▶ WHAT TO WORK ON
Images don't belong in the copy. Output the rest of the data exactly.

▶ DATA LISTING

........

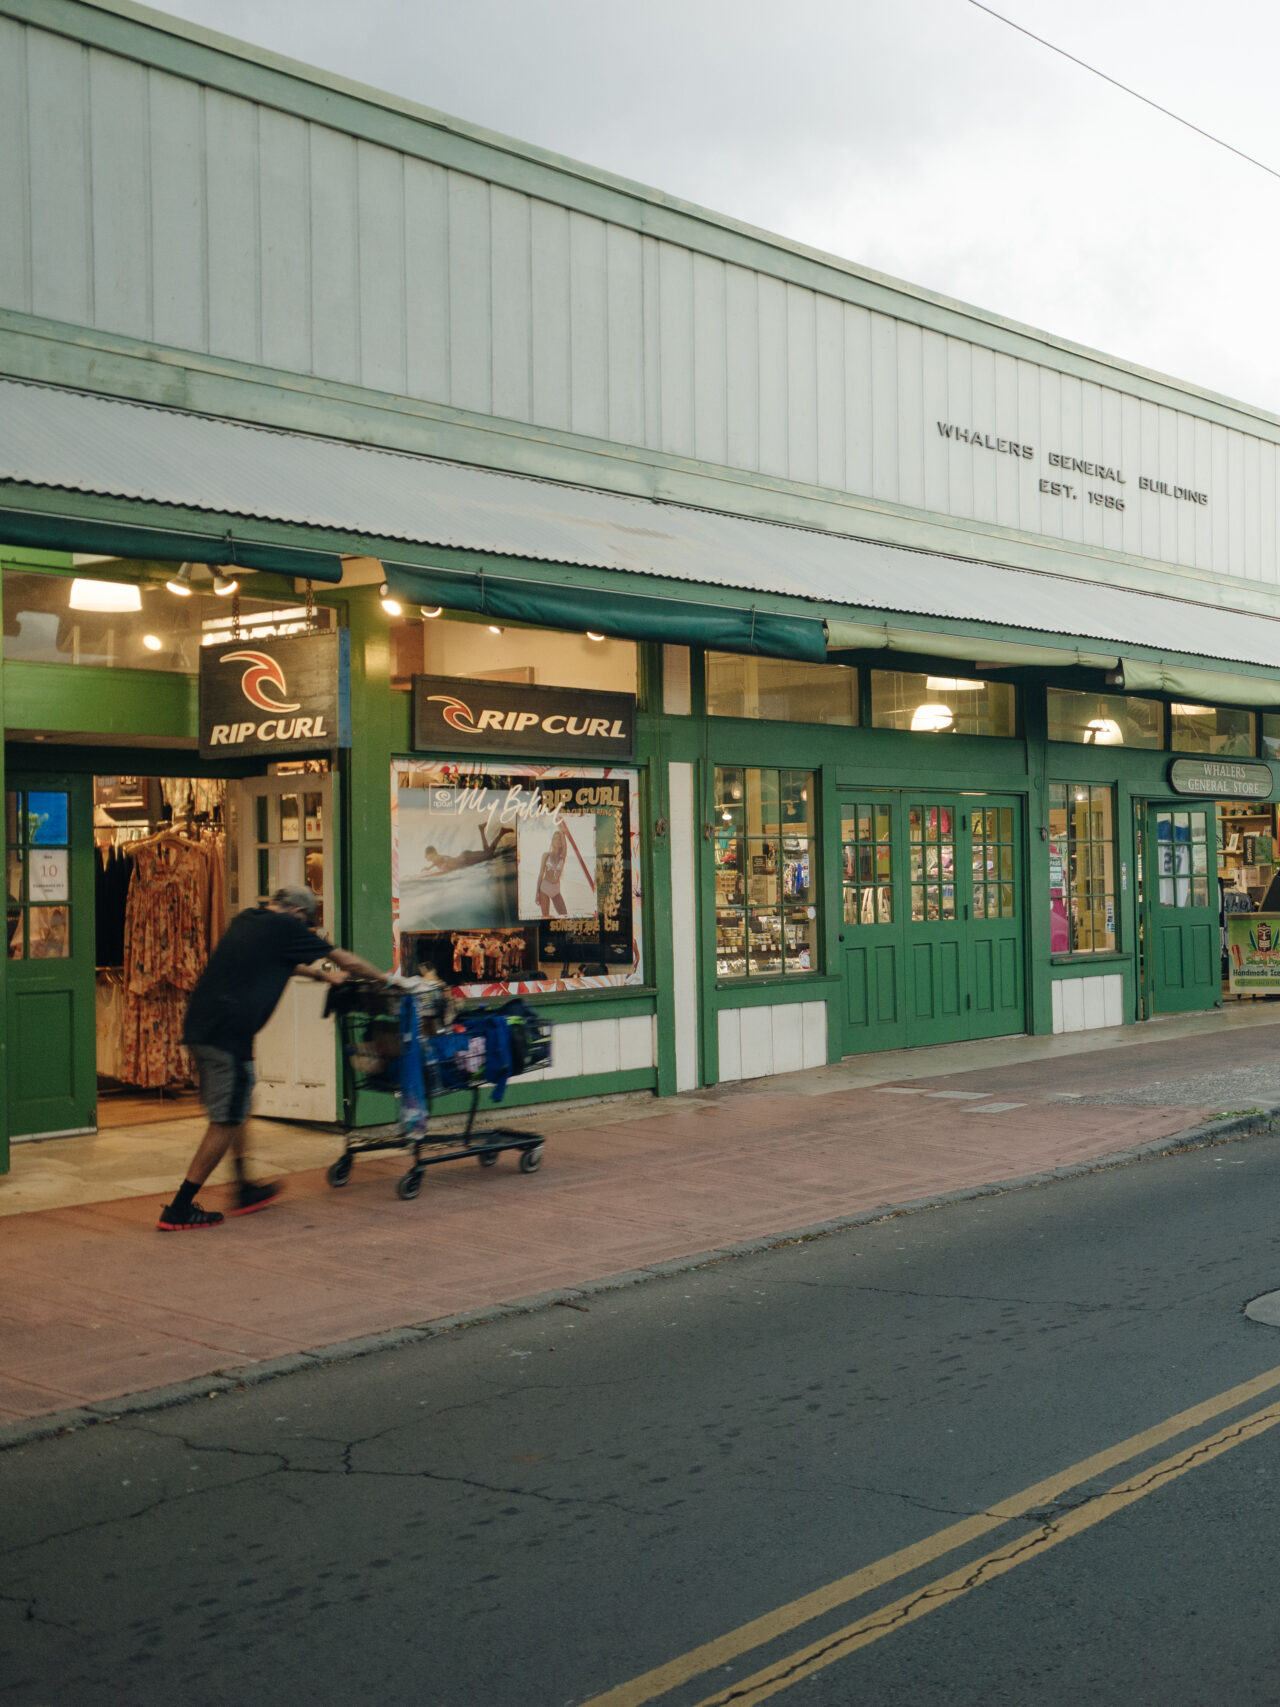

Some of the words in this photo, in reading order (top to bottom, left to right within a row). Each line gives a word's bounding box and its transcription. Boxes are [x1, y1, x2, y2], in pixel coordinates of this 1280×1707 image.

[937, 420, 1034, 460] WHALERS
[1048, 452, 1127, 485] GENERAL
[1138, 476, 1209, 506] BUILDING
[1039, 478, 1078, 500] EST.
[1088, 491, 1126, 512] 1986
[209, 722, 256, 746] RIP
[257, 716, 328, 741] CURL
[477, 710, 540, 732] RIP
[541, 715, 627, 739] CURL
[1203, 763, 1246, 778] WHALERS
[541, 789, 573, 808] RIP
[575, 786, 624, 807] CURL
[1188, 779, 1230, 793] GENERAL
[1233, 782, 1259, 794] STORE
[455, 786, 498, 830] My
[41, 864, 58, 878] 10
[1233, 969, 1268, 977] Handmade
[1270, 969, 1280, 977] Ice
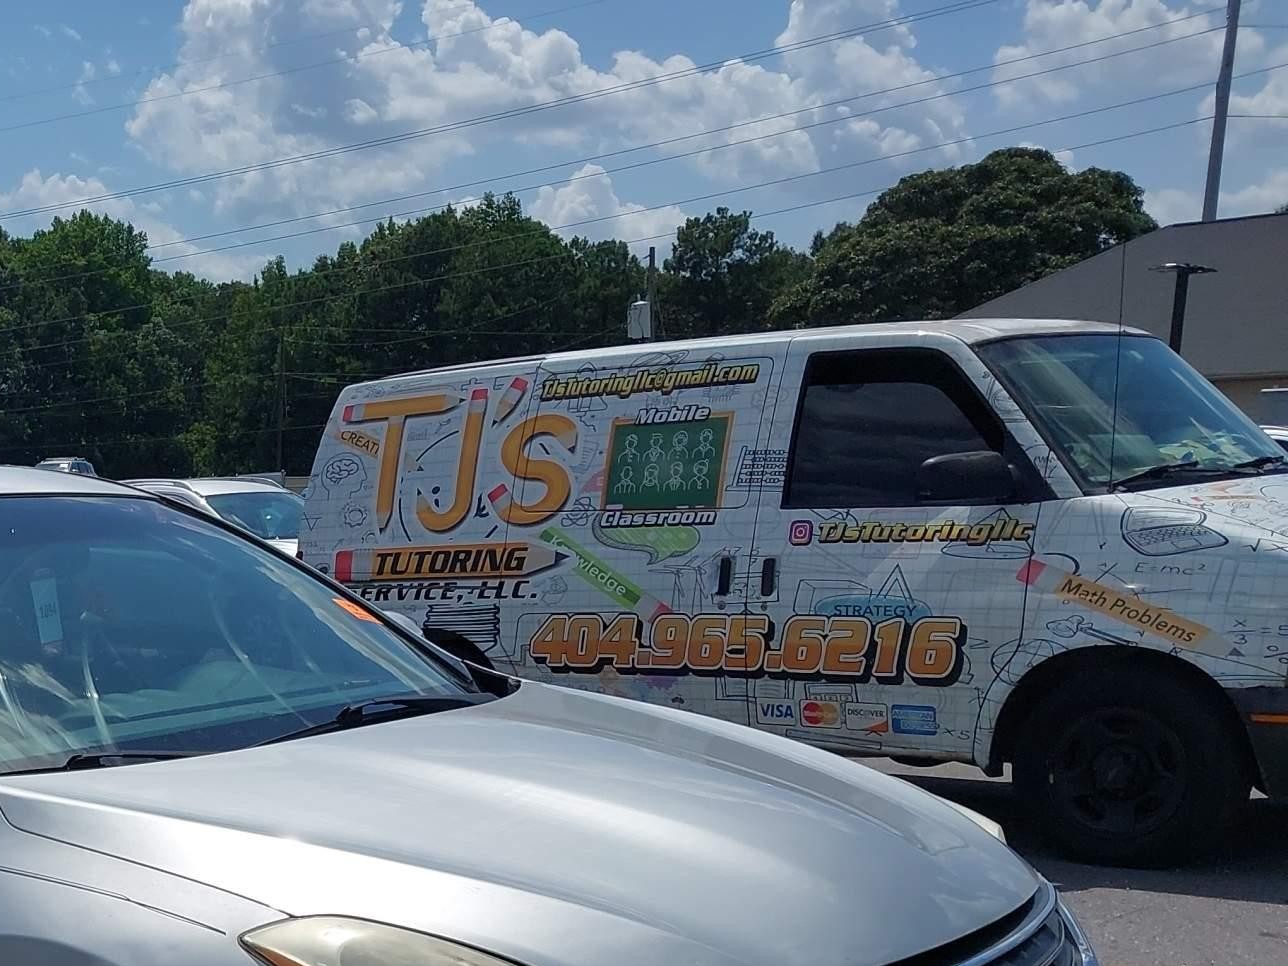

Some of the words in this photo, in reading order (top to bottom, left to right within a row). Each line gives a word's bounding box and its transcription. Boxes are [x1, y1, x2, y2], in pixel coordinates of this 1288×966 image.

[634, 405, 711, 426] Mobile
[600, 510, 717, 528] Classroom
[376, 547, 528, 576] TUTORING
[550, 535, 626, 596] Kwledge
[346, 580, 464, 603] ERVICE,
[477, 579, 538, 600] LLC.
[833, 603, 917, 617] STRATEGY
[1062, 578, 1107, 607] Math
[1109, 597, 1196, 643] Problems
[530, 613, 964, 684] 404.965.6216
[761, 703, 794, 719] VISA
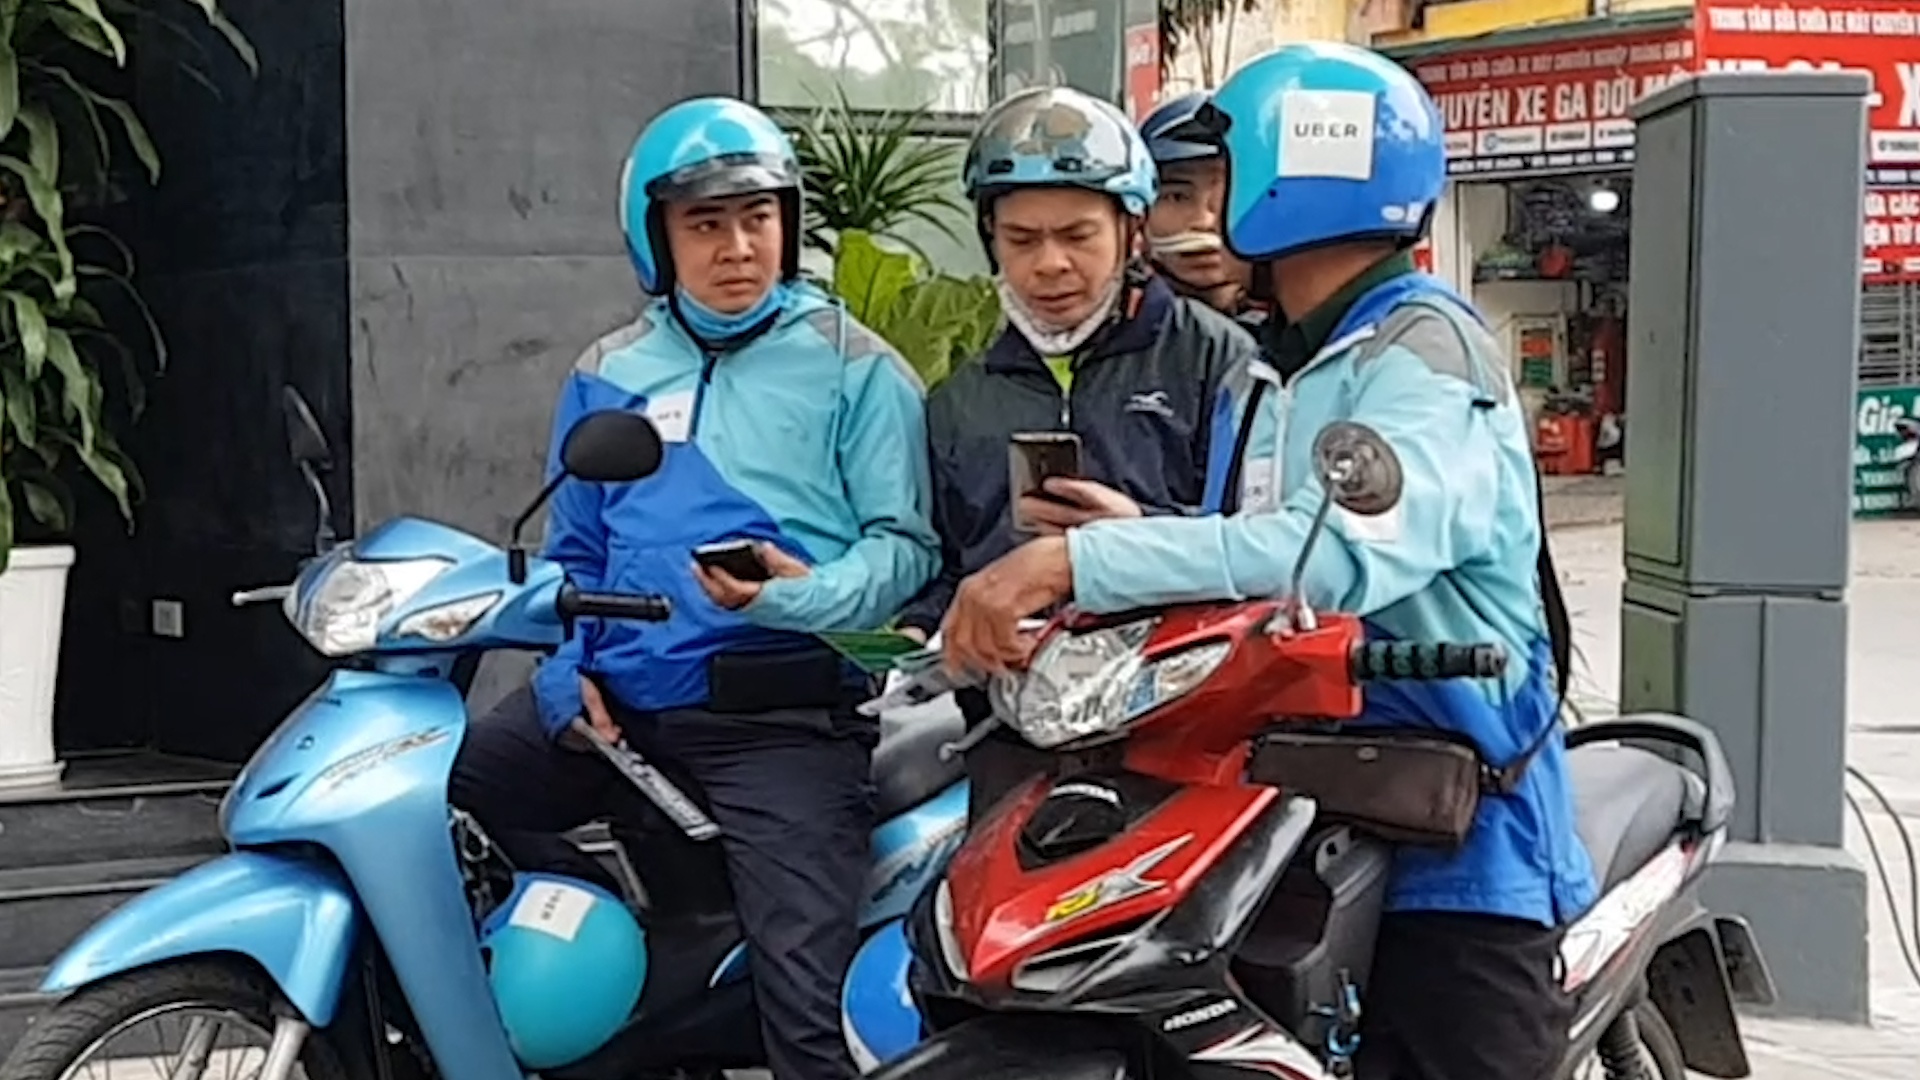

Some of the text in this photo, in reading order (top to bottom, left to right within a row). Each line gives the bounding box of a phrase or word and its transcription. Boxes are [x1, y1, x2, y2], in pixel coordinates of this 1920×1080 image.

[1515, 84, 1547, 124] XE
[1554, 81, 1586, 120] GA
[1294, 122, 1358, 138] UBER
[1163, 999, 1238, 1032] HONDA
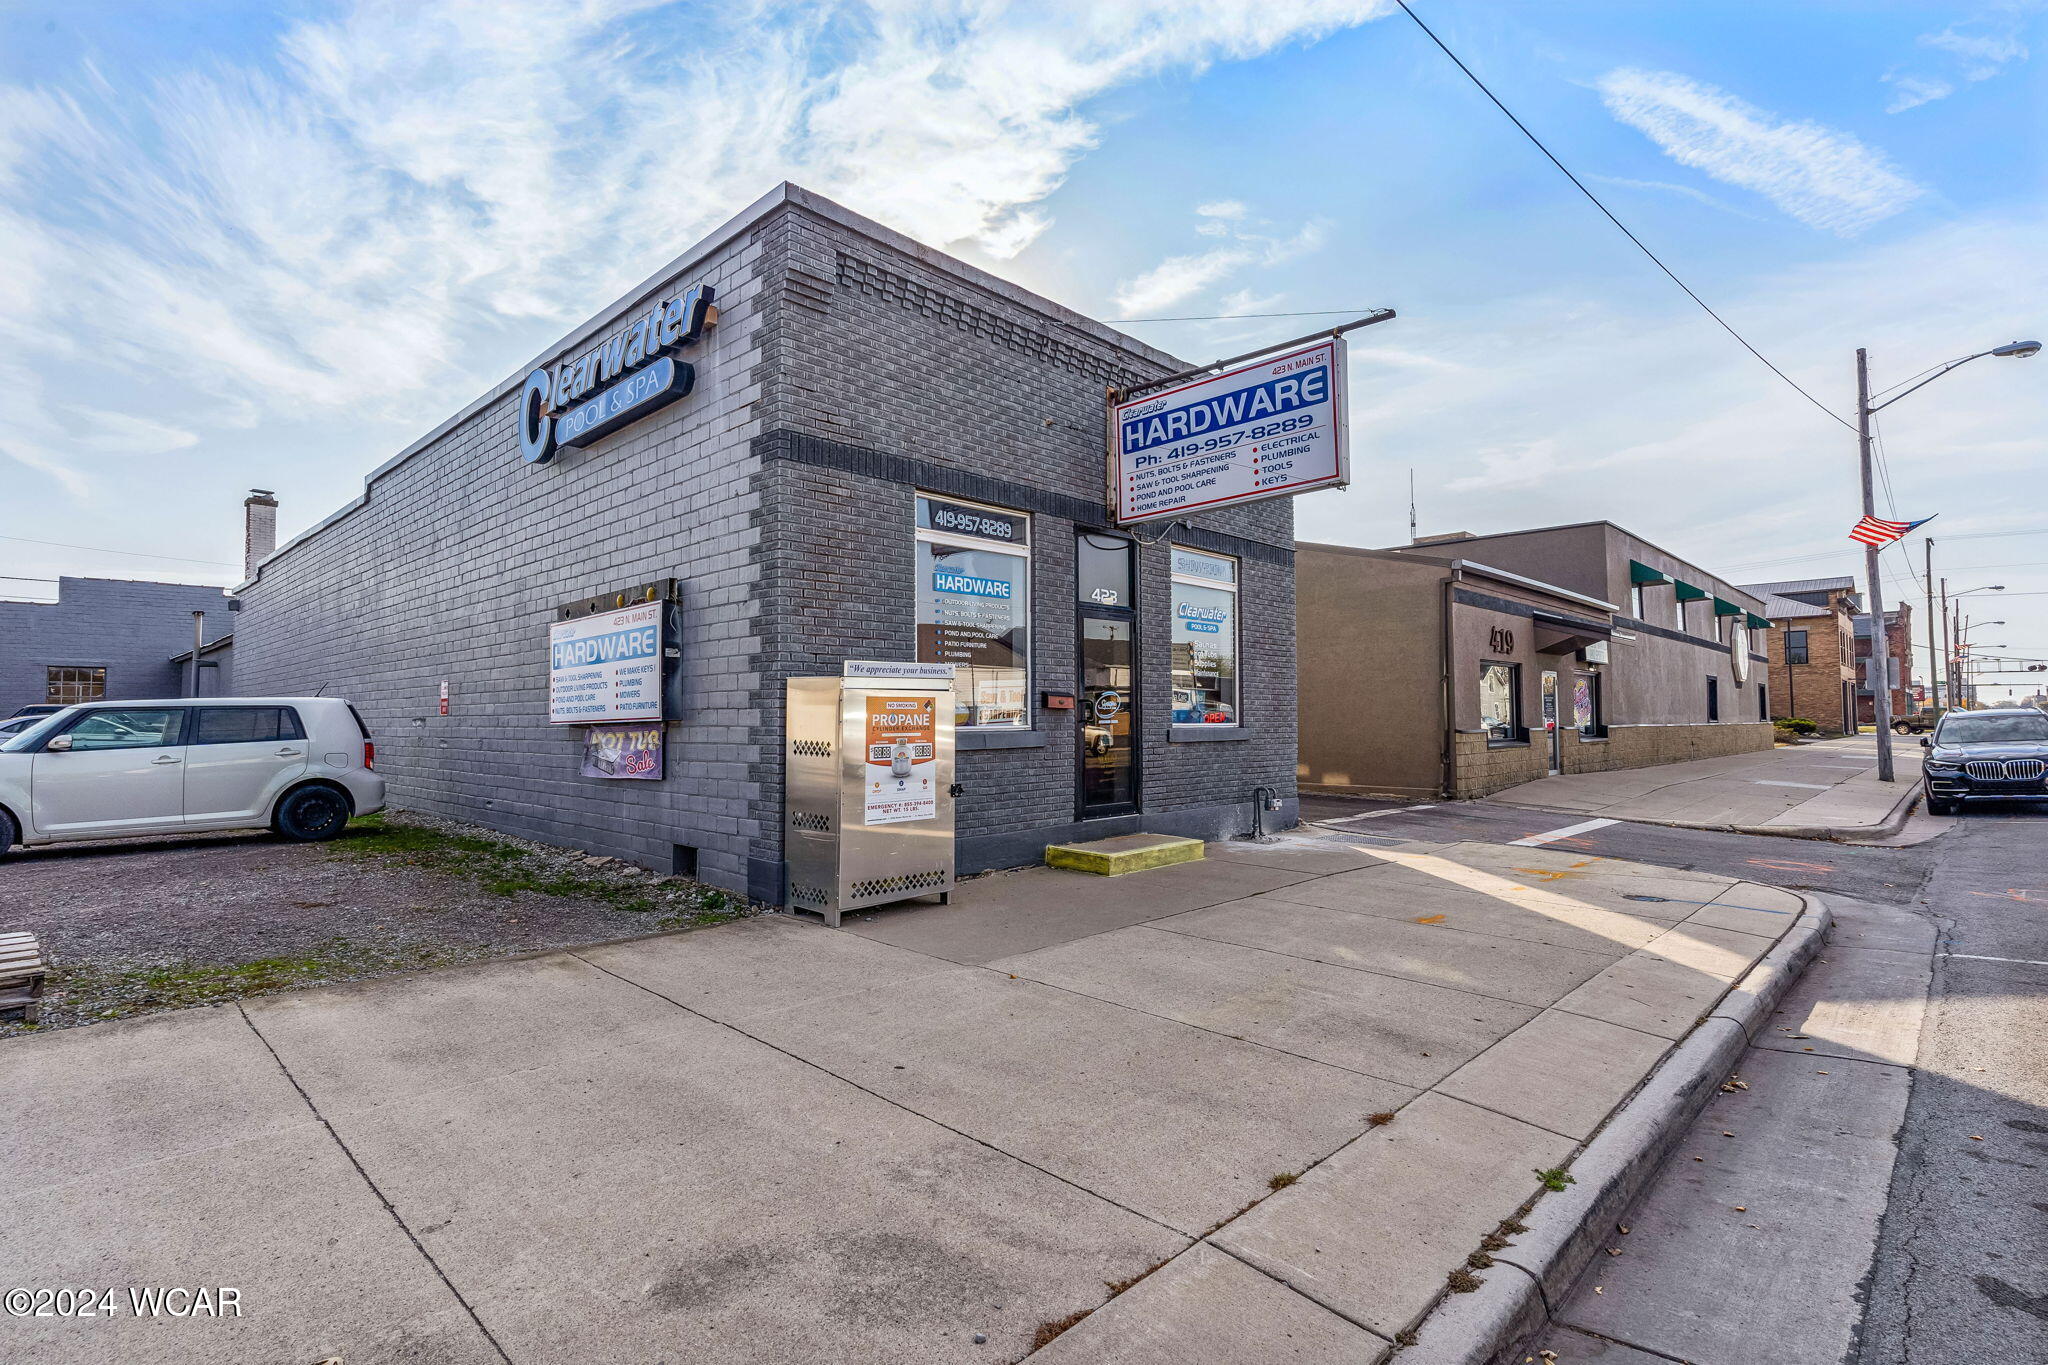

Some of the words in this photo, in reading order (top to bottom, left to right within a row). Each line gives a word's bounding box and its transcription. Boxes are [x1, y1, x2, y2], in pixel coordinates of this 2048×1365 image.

........

▶ EXERCISE OUTPUT
Some of the words in this photo, in reading order (top to bottom, left to right within a row). Each line gives a word's bounding box and its transcription. Boxes are [x1, y1, x2, y2], in pixel coordinates of this 1280×1707 image.

[937, 420, 1034, 460] WHALERS
[1048, 452, 1127, 485] GENERAL
[1138, 476, 1209, 506] BUILDING
[1039, 478, 1078, 500] EST.
[1088, 491, 1126, 512] 1986
[209, 722, 256, 746] RIP
[257, 716, 328, 741] CURL
[477, 710, 540, 732] RIP
[541, 715, 627, 739] CURL
[1203, 763, 1246, 778] WHALERS
[541, 789, 573, 808] RIP
[575, 786, 624, 807] CURL
[1188, 779, 1230, 793] GENERAL
[1233, 782, 1259, 794] STORE
[455, 786, 498, 830] My
[41, 864, 58, 878] 10
[1233, 969, 1268, 977] Handmade
[1270, 969, 1280, 977] Ice

Some of the words in this photo, in reading order (top to bottom, left to right within a row). Each line gives a word's bounding box and its transcription. Boxes are [x1, y1, x2, y2], in pixel coordinates of this 1288×966 image.

[634, 405, 711, 426] Mobile
[600, 510, 717, 528] Classroom
[376, 547, 528, 576] TUTORING
[550, 535, 626, 596] Kwledge
[346, 580, 464, 603] ERVICE,
[477, 579, 538, 600] LLC.
[833, 603, 917, 617] STRATEGY
[1062, 578, 1107, 607] Math
[1109, 597, 1196, 643] Problems
[530, 613, 964, 684] 404.965.6216
[761, 703, 794, 719] VISA

Some of the text in this photo, in reading order (top to bottom, left to right within a row). Each line gives the bounding box of a phrase or word and its transcription. Boxes are [x1, y1, x2, y2], in pixel coordinates of this 1920×1080 image.

[1515, 84, 1547, 124] XE
[1554, 81, 1586, 120] GA
[1294, 122, 1358, 138] UBER
[1163, 999, 1238, 1032] HONDA

Some of the words in this photo, in reading order (top to bottom, left to right within a row). Each line gives a word's bounding box and its transcription. Boxes are [x1, y1, x2, y2], in pixel coordinates of this 2048×1365 image.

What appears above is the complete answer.